Hard to believe, but it has been 5 1/2 years since Colburn committed to Fresno State. That's a long time to wait for a chance. Not many would have done it.

Here's a fun fact: Mark Sanchez was named the New York Jets starting quarterback a couple of weeks before Colburn was named a college starter for the first time. And they were in the same high school recruiting class.

A lot of guys take long paths to success, but Colburn never transferred, never got suspended, never had scholastic issues, never even got injured. He's just waited.

Tonight, he gets his shot. Fresno State opens the season at home against UC Davis and Mr. Patience will be leading.
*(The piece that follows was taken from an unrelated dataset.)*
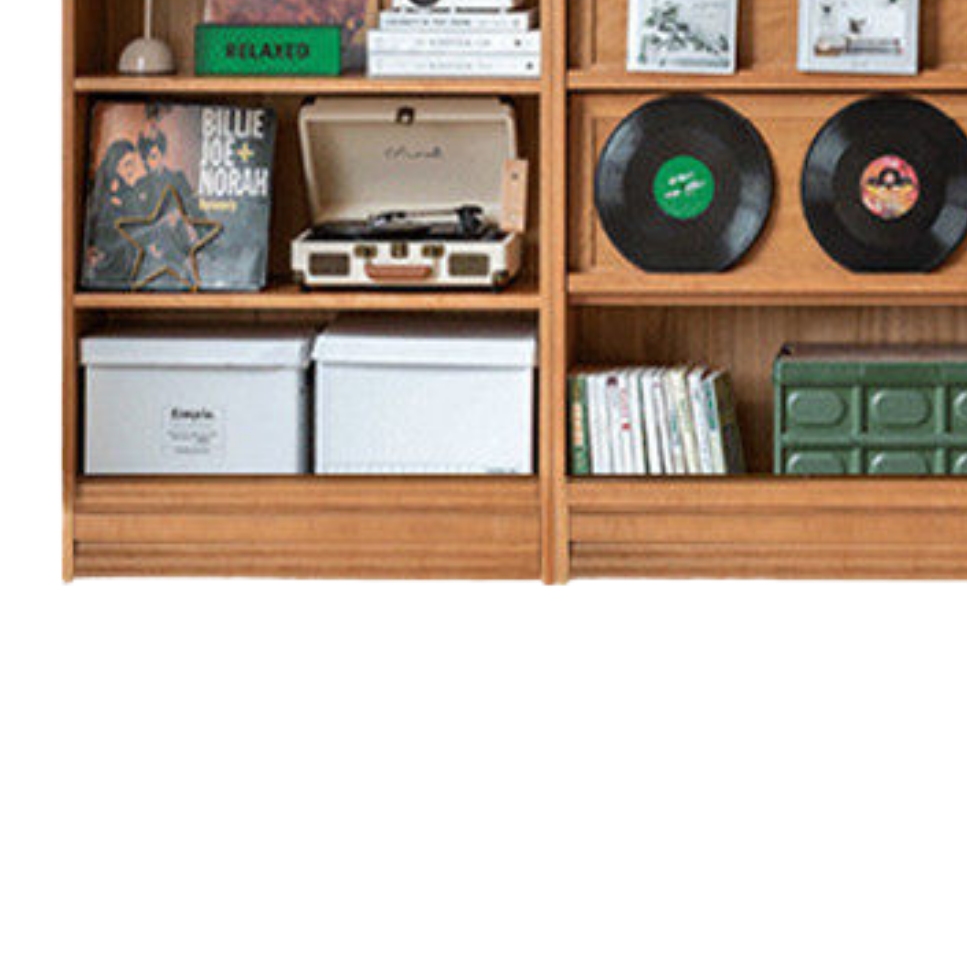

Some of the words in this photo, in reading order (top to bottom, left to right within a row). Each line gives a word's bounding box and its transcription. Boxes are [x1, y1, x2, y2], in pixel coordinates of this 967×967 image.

An unreal 1,893 days after committing to the Bulldogs, he'll finally get a start.

"I really think the community will rally around the way he plays," says his dad, Ron. "They'll probably have to carry him off after the game. He'll be bloody."

They should at least applaud his diligence. Since Colburn arrived at Fresno State, he's watched Jordan Christensen finish an entire college career as a backup. He's watched Matt Faulkner transfer and Sean Norton give up the game. He stood by as Tom Brandstater struggled, then improved, then struggled again, and never complained when he felt he deserved a chance.

Colburn is playing for his fifth offensive coordinator at Fresno State. Frank Cignetti taught him how to study film, turned him into the football version of Richard Roeper. Steve Hagan told him he was too fat and too slow, so Colburn turned his body into a suit of armor, from 15% body fat to 6.5%.

Jim McElwain told Colburn he was too tentative, too careful, that he should just cut loose and "let it fly." They butted heads for a month before growing close.

Colburn and Jeff Grady, the current offensive coordinator, get along great, although it's hard to imagine anyone disliking Jeff.

But here's what I can't stop thinking: Do you think any of them ever really thought this day would come? Do you think Cignetti went down to little CVC thinking he was finding the next big thing, or even an eventual starter, or was he hoping to secure a serviceable backup?

Did any of them expect Colburn to improve so dramatically, to work so hard for so little reward? Did they ever foresee Colburn beating out a teenage phenom like Derek Carr?

At a funeral for a Fresno State student, safety Marvin Haynes came up to Ryan Colburn's parents and gushed about him, told them he'd never seen anyone so focused and dedicated. Normally, you couldn't get a defensive player to admit an offensive player exists, let alone gush about his toughness.

He's gained their respect and earned this chance. He did it with determination and guts. What's left of them.